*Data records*
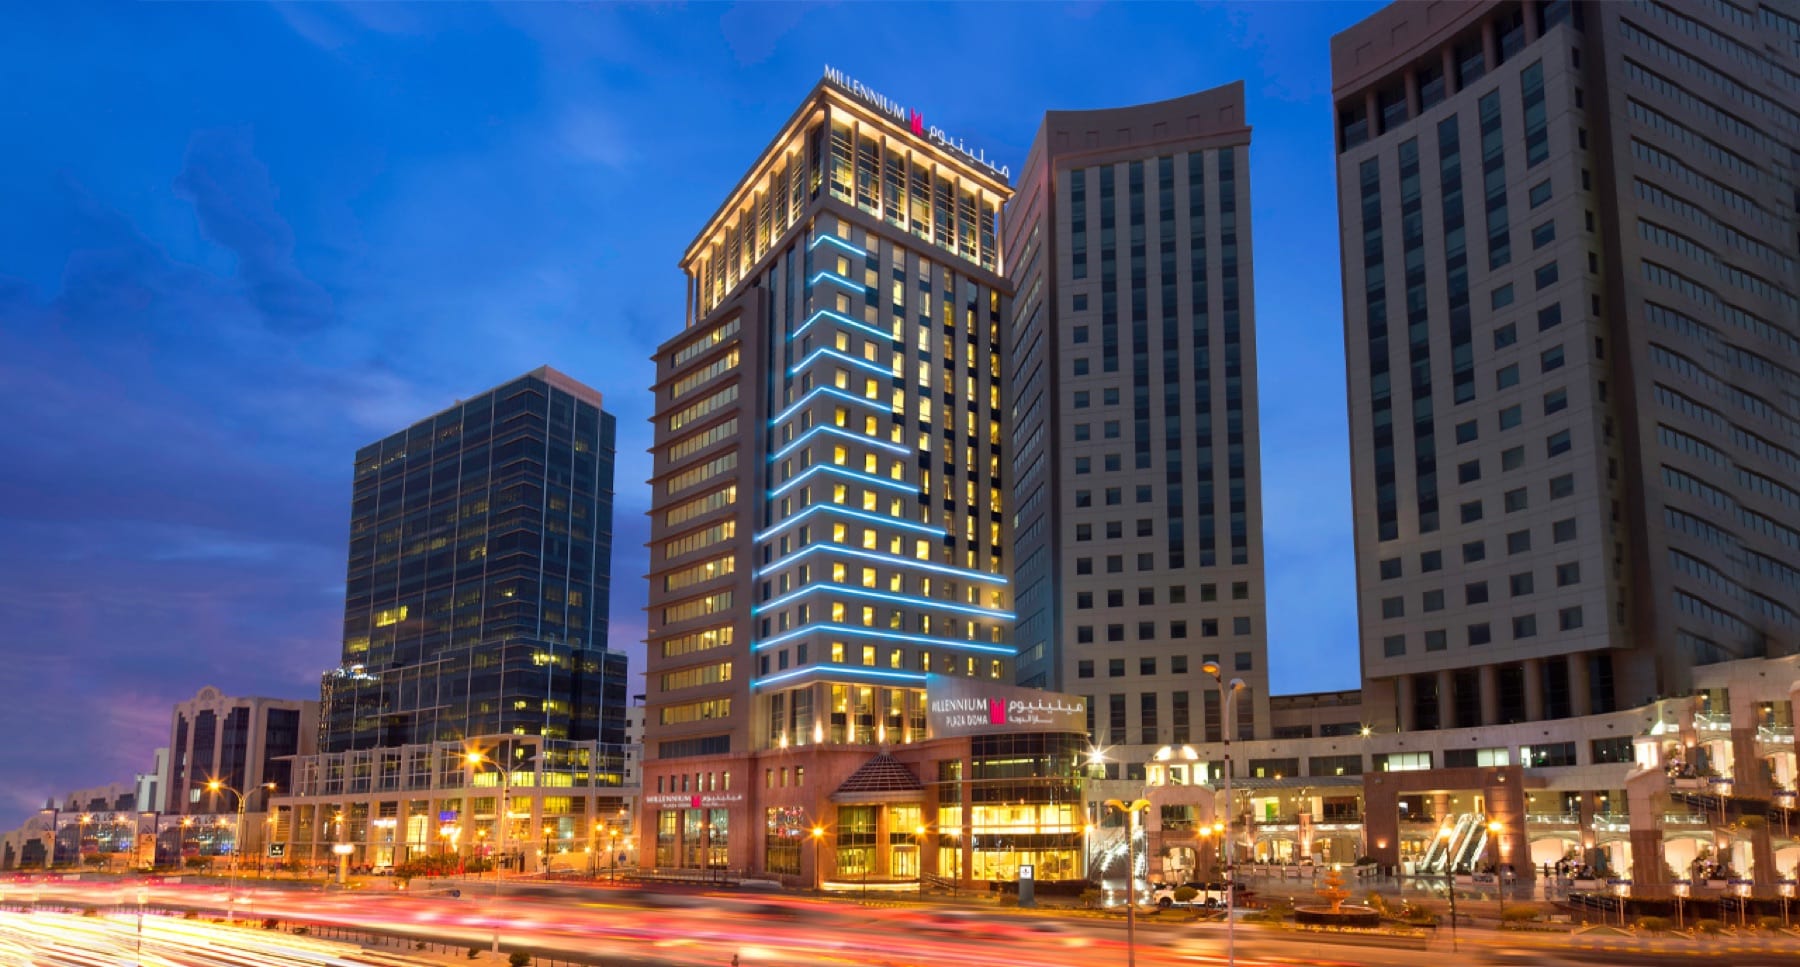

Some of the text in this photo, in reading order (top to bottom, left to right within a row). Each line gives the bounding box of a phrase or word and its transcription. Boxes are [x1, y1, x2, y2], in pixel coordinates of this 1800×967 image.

[824, 64, 905, 122] MILLENNIUM
[928, 125, 1009, 178] ميلينيوم
[931, 698, 987, 712] MILLENNIUM
[1008, 699, 1083, 714] ميلينيوم
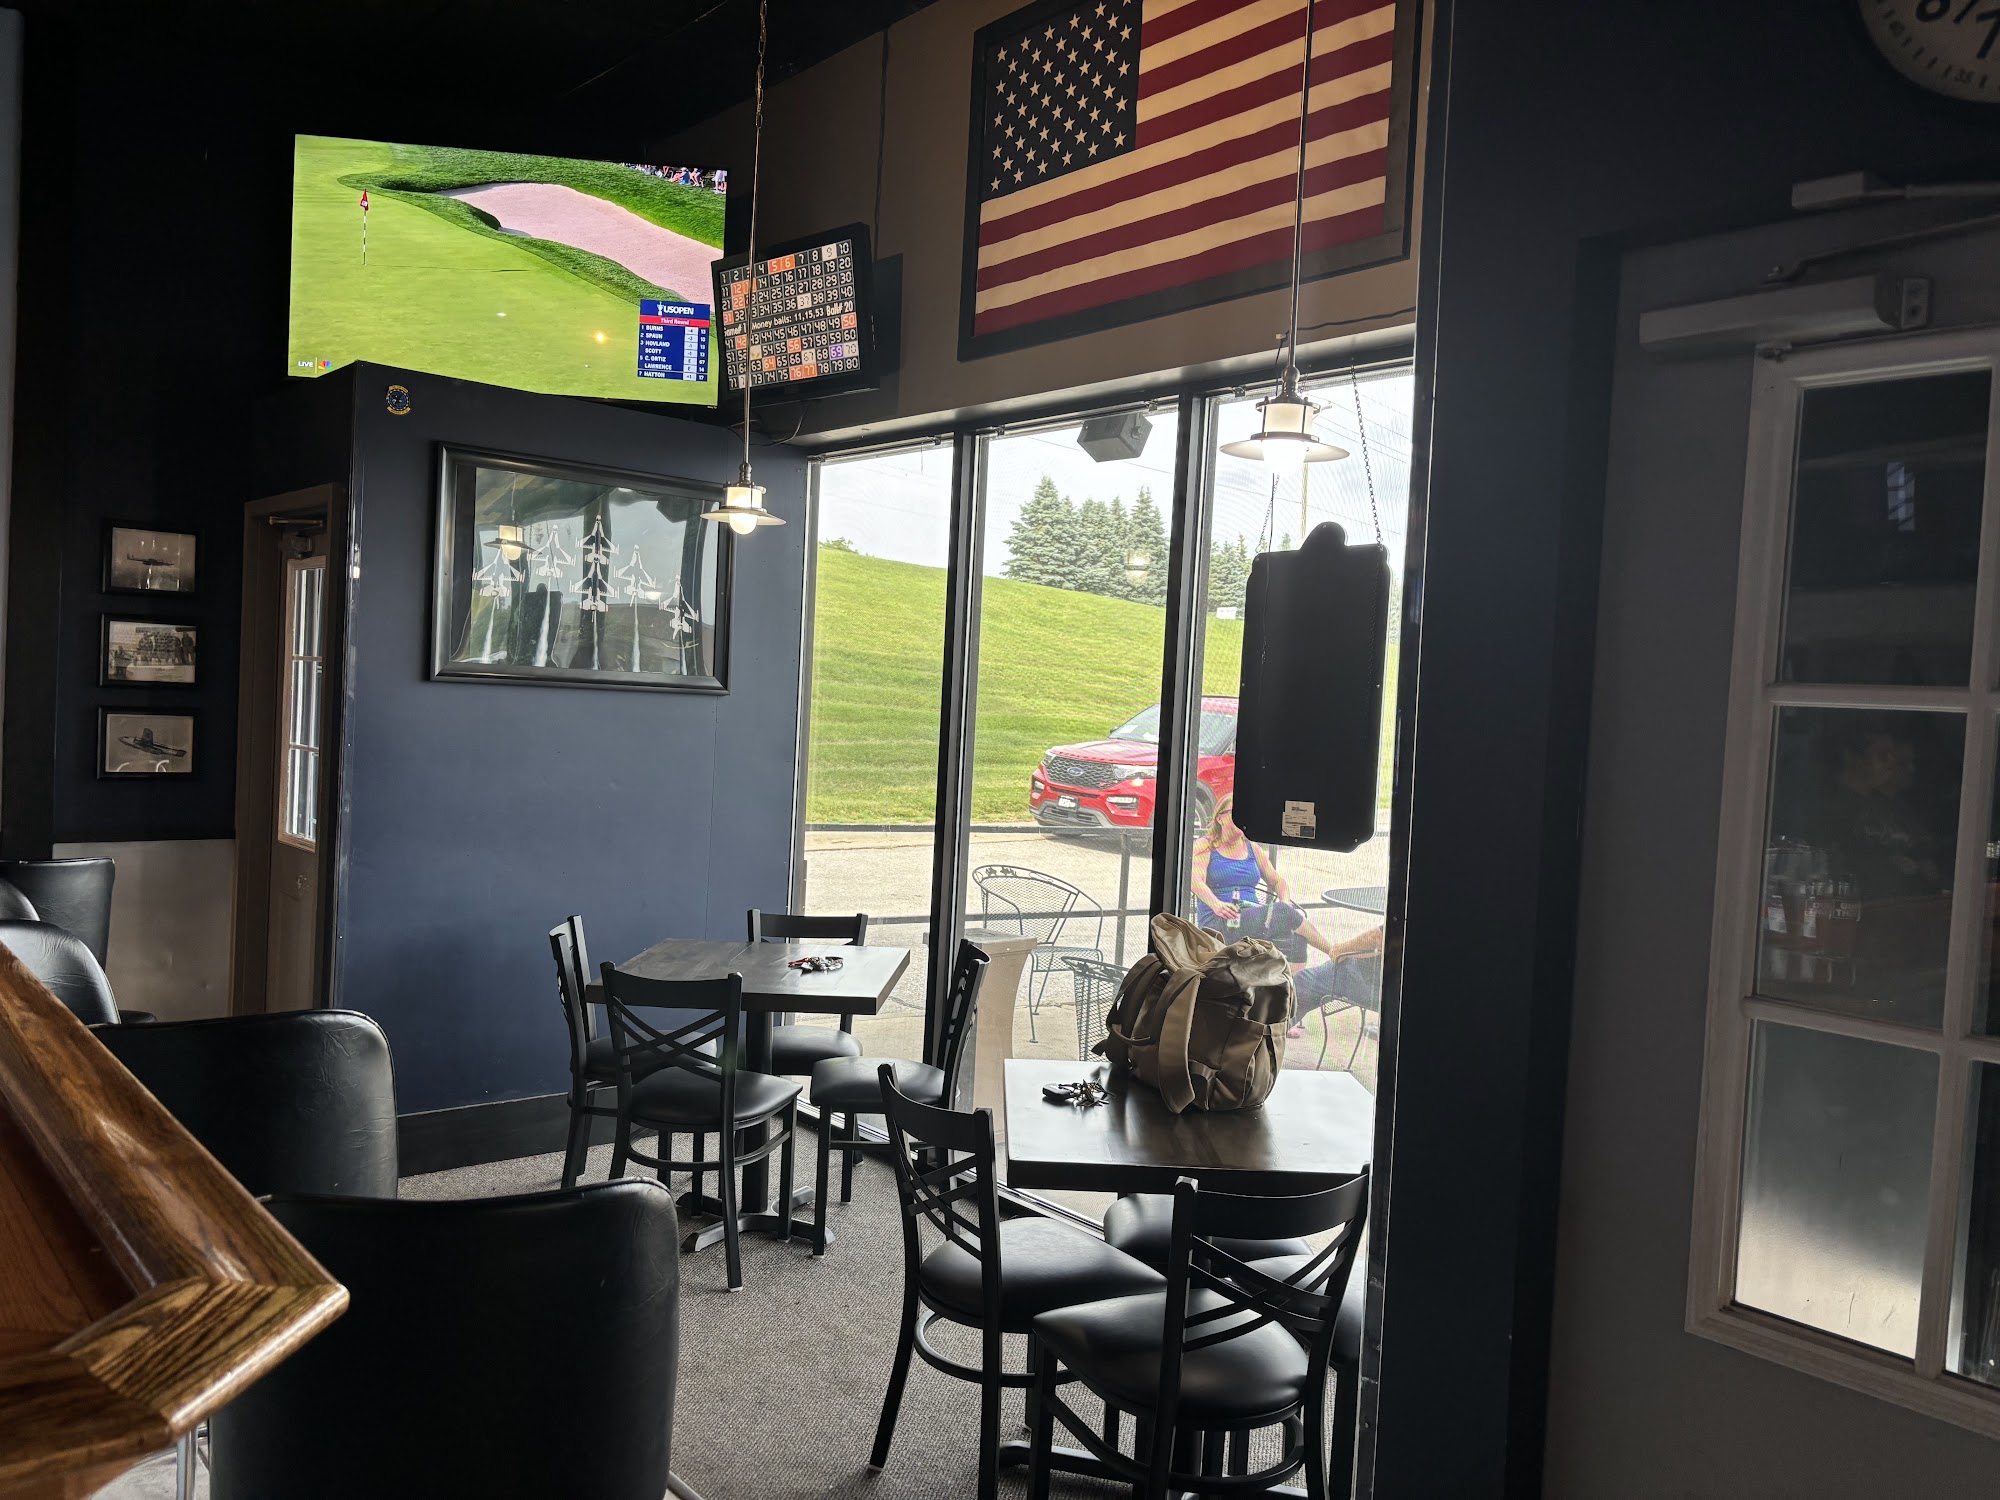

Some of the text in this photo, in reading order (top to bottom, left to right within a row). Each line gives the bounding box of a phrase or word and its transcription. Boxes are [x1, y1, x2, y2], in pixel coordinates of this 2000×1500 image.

*WHAT TO DO*
Transcribe the lines above exactly, setting aside any picture among them.

*TASK RESULT*
Some of the text in this photo, in reading order (top to bottom, left to right within a row). Each line gives the bounding box of a phrase or word and its transcription. Boxes are [x1, y1, x2, y2], in pixel coordinates of this 1800×967 image.

[824, 64, 905, 122] MILLENNIUM
[928, 125, 1009, 178] ميلينيوم
[931, 698, 987, 712] MILLENNIUM
[1008, 699, 1083, 714] ميلينيوم

Some of the text in this photo, in reading order (top to bottom, left to right within a row). Each line gives the bounding box of a phrase or word and its transcription. Boxes are [x1, y1, x2, y2], in pixel coordinates of this 2000×1500 image.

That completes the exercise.